Beyond leveraging suppliers’ self-interest, buyers need to support their suppliers’ sustainability improvements by both serving as the central “node” that connects their supplier network and leveraging their size and scale to disseminate expertise into their supply chain.  Specifically, buyers should help develop targeted recommendations, provide tools to manage implementation and reporting, foster the sharing of information across suppliers, and recognize and reward the achievements of leaders.

A Novel Approach to Getting at the Base of the Iceberg

To help facilitate buyer-led supply chain sustainability transformations, we’ve recently started leveraging a number of well-known technological innovations to help clients make real progress in their supply chains:

1 – Big data and advanced analytics: We have co-created a large database of energy, water, and waste reduction levers based on over 100 McKinsey client engagements along with the experiences of our early clients, and developed a “lever engine” that suppliers can use to determine which projects are most relevant for their specific facilities (e.g., just like leading retail websites can say “people who liked X will also like Y”, we’ve worked with our clients to tell their suppliers “people with equipment & processes like yours have delivered value by doing X & Y). We’ve also leveraged this database to allow our clients’ suppliers to quickly and accurately estimate the cost savings, capital investments, and sustainability improvements associated with each project.
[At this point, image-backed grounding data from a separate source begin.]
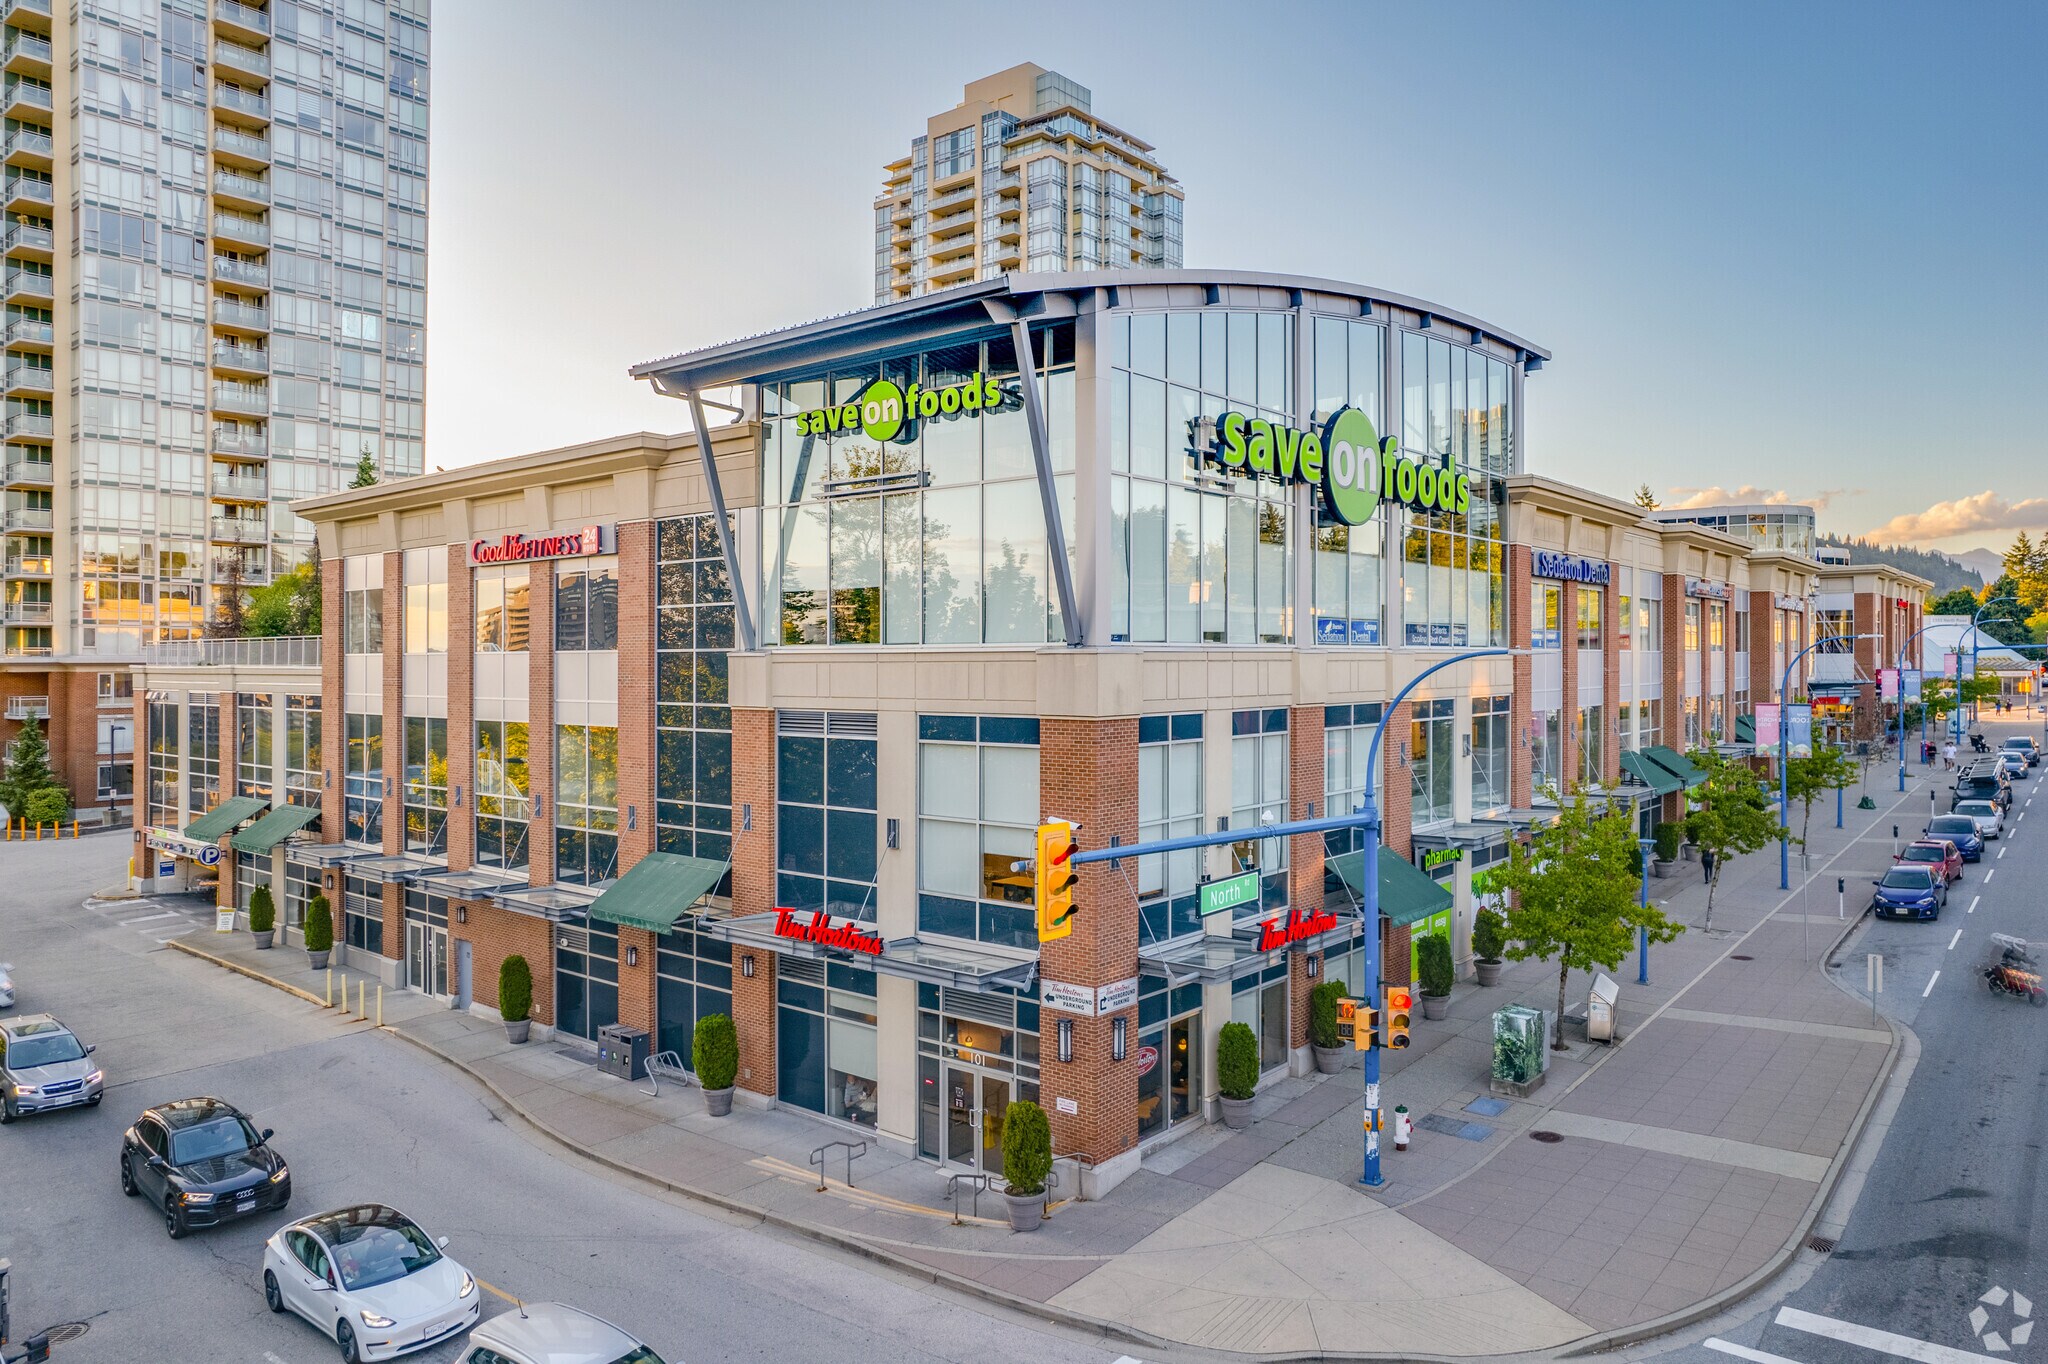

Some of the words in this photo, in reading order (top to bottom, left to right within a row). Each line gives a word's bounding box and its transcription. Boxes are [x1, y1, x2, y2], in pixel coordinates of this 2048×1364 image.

[797, 404, 858, 437] save
[864, 397, 899, 426] on
[906, 372, 1002, 420] foods
[1220, 411, 1323, 485] save
[1332, 440, 1377, 494] on
[1383, 435, 1470, 515] foods
[584, 529, 596, 544] 24
[1539, 552, 1583, 582] Sedation
[1319, 630, 1345, 642] Sedation
[1352, 631, 1370, 643] Dental
[205, 848, 218, 862] P
[1425, 848, 1464, 871] pharmacy
[1210, 886, 1241, 907] North
[1244, 878, 1250, 887] Rd
[771, 907, 807, 941] Tim
[808, 911, 883, 955] Hortons
[1259, 917, 1287, 952] Tim
[1286, 908, 1337, 943] Hortons
[1052, 983, 1062, 992] Tim
[1062, 986, 1084, 997] Hortons
[1107, 989, 1135, 1002] UNDERGROUND
[1055, 994, 1092, 1006] UNDERGROUND
[1063, 1002, 1085, 1010] PARKING
[1113, 997, 1130, 1006] PARKING
[970, 1052, 985, 1067] 101
2 – Software as a Service: Working with several corporate and NGO clients, we’re deploying the data and analytics above through a web-based, self-service tool called RedE. RedE combines the “lever engine” described above with a visual workspace to manage implementation and a series of dashboards to monitor impact in near real-time (e.g., how many tons of CO2e came out of my supply chain this month).

3 – Social platforms and the sharing economy: RedE’s dashboards allow a company to easily monitor and benchmark supplier performance relative to peers, making it possible to performance manage a supplier network on resources that have historically been largely “invisible” in the supply chain.  We setup RedE as an open ecosystem of buyers and suppliers, and since each “buyer” helps add to the “lever engine” that gets disseminated through RedE, this best-practice aggregation helps all users drive the performance of their supply chains. Further, buyers can “pile on” to requests to shared suppliers that are using RedE, driving adoption (built-in data protections ensure that suppliers’ resource and cost savings are fully disguised or aggregated before being shared).  

Walmart has been a major first mover in this area, testing and refining RedE in a handful of categories and now committing to roll it out to 70% of its direct sourcing business.  This scale up brings real potential to drive millions of tons of CO2 out of their Scope 3 emissions, sends a compelling message to both their suppliers and customers that they are serious about the impact of their operations, and potentially delivers even more impact in their “Scope 4” emissions (e.g., in the proportion of their suppliers’ business that’s not with Walmart, but that would benefit if the supplier becomes more resource efficient across its entire operation).

Our hope is that innovative tools and approaches, such as the collaborative, two-way ecosystem created by RedE, can help companies elevate supply chain resource efficiency from an emerging CSR KPI to an indispensable practice – putting those that actively lead on such programs at a competitive advantage over those that don’t.